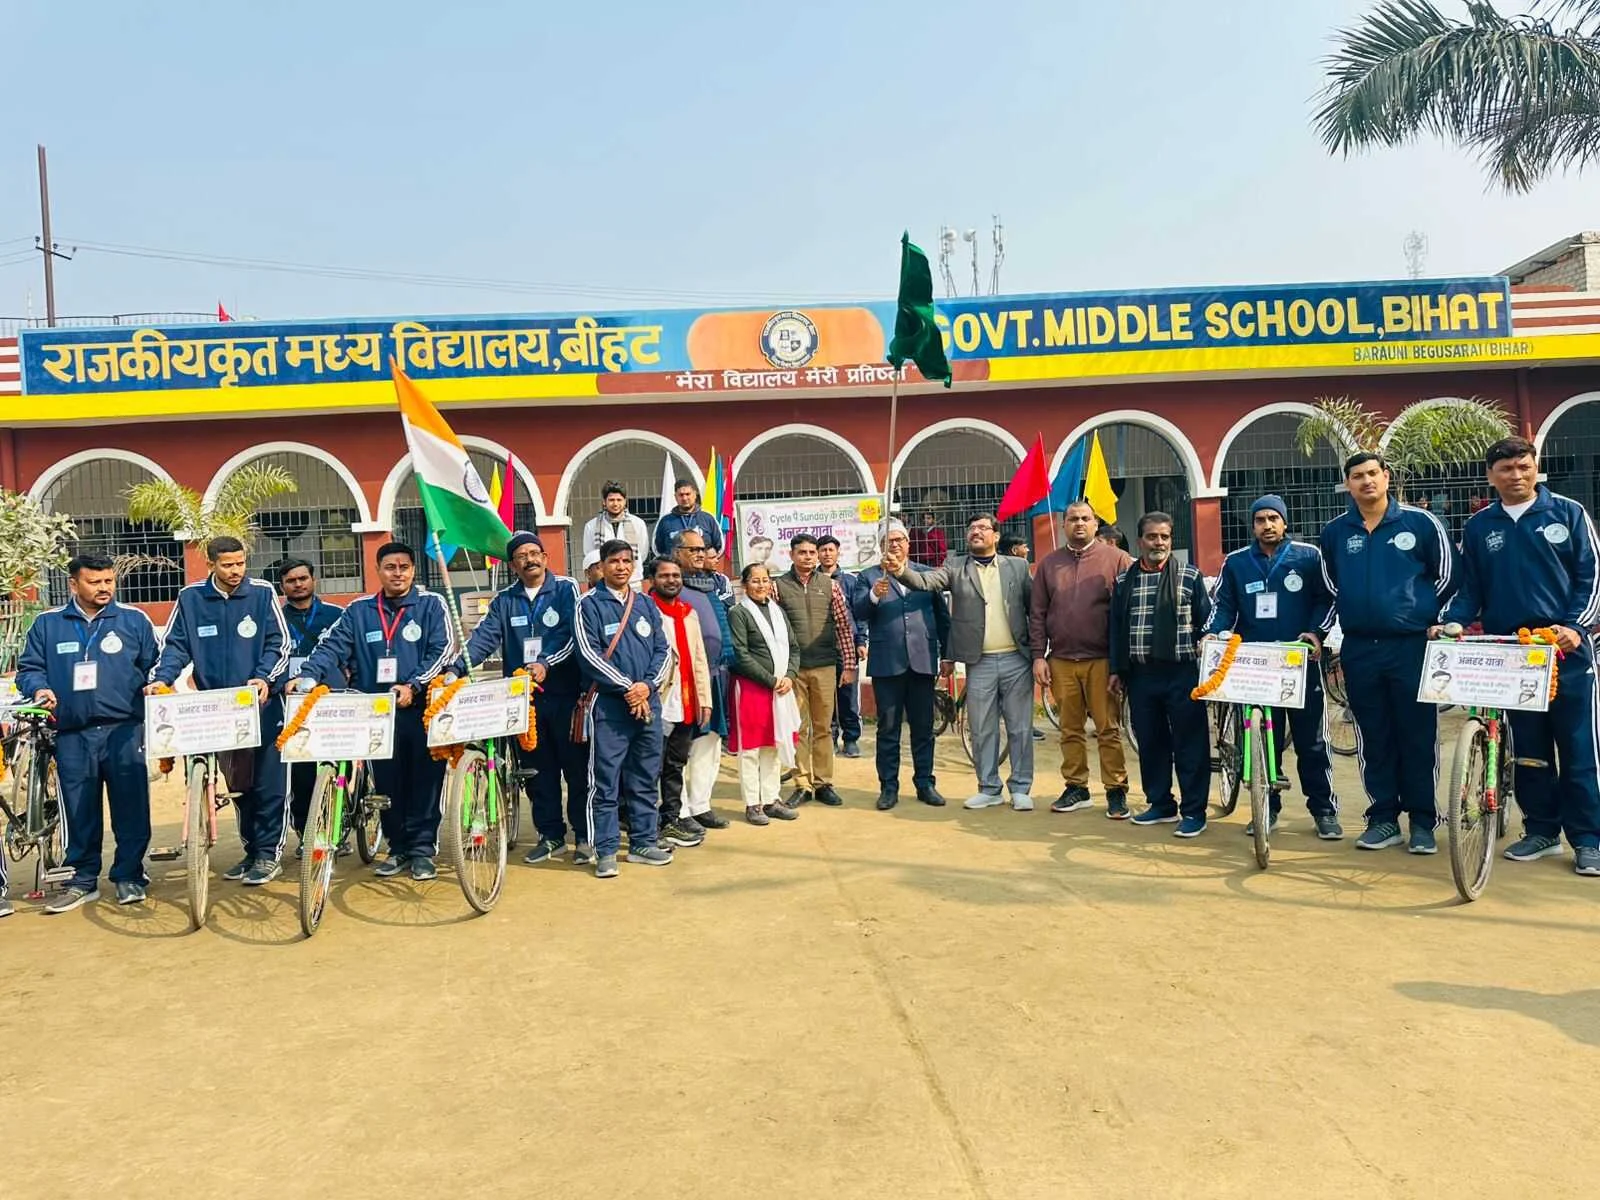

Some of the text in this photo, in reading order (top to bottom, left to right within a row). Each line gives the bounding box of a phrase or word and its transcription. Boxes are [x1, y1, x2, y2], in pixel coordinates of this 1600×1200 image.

[41, 328, 278, 389] राजकीयकृत
[285, 333, 383, 375] मध्य
[1353, 345, 1408, 362] BARAUNI
[770, 513, 791, 525] Cycle
[800, 511, 829, 522] Sunday
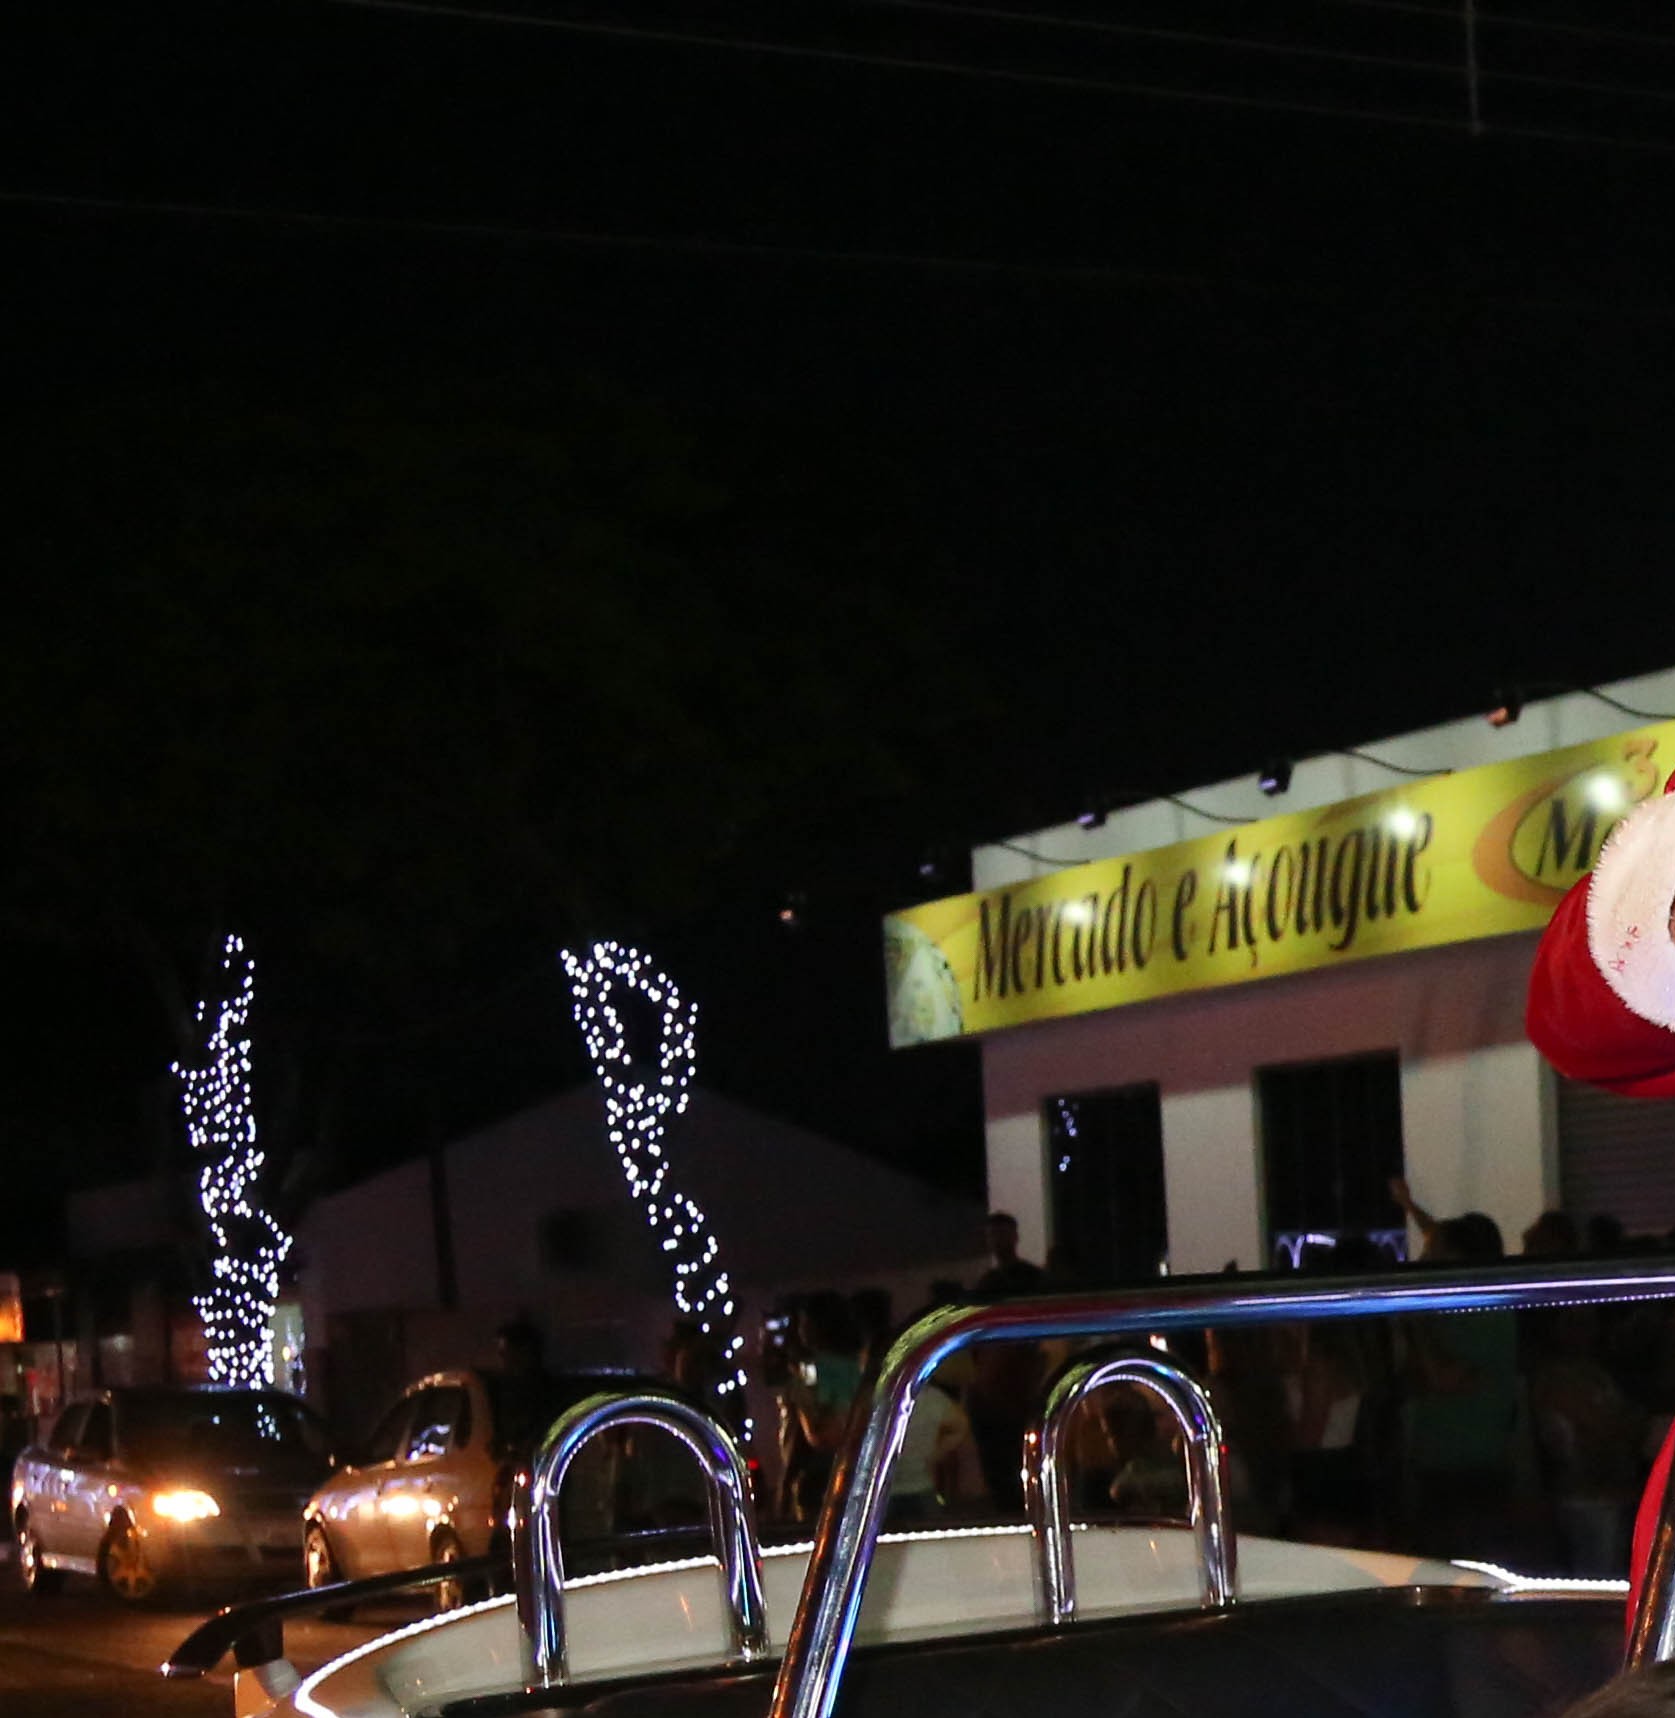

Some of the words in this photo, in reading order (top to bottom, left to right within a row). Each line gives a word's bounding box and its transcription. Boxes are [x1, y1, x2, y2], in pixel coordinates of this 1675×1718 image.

[974, 863, 1157, 1002] Mercado
[1172, 867, 1198, 962] e
[1208, 812, 1433, 969] Açougue

◇ ◇ ◇ ◇ ◇

[Goal of the exercise] Repeat the data above in full and exactly. Omit every image.

[Task response]
Some of the text in this photo, in reading order (top to bottom, left to right within a row). Each line gives the bounding box of a phrase or word and its transcription. Boxes are [x1, y1, x2, y2], in pixel coordinates of this 1600×1200 image.

[41, 328, 278, 389] राजकीयकृत
[285, 333, 383, 375] मध्य
[1353, 345, 1408, 362] BARAUNI
[770, 513, 791, 525] Cycle
[800, 511, 829, 522] Sunday

Some of the words in this photo, in reading order (top to bottom, left to right within a row). Each line gives a word's bounding box and its transcription. Boxes are [x1, y1, x2, y2], in pixel coordinates of this 1675×1718 image.

[974, 863, 1157, 1002] Mercado
[1172, 867, 1198, 962] e
[1208, 812, 1433, 969] Açougue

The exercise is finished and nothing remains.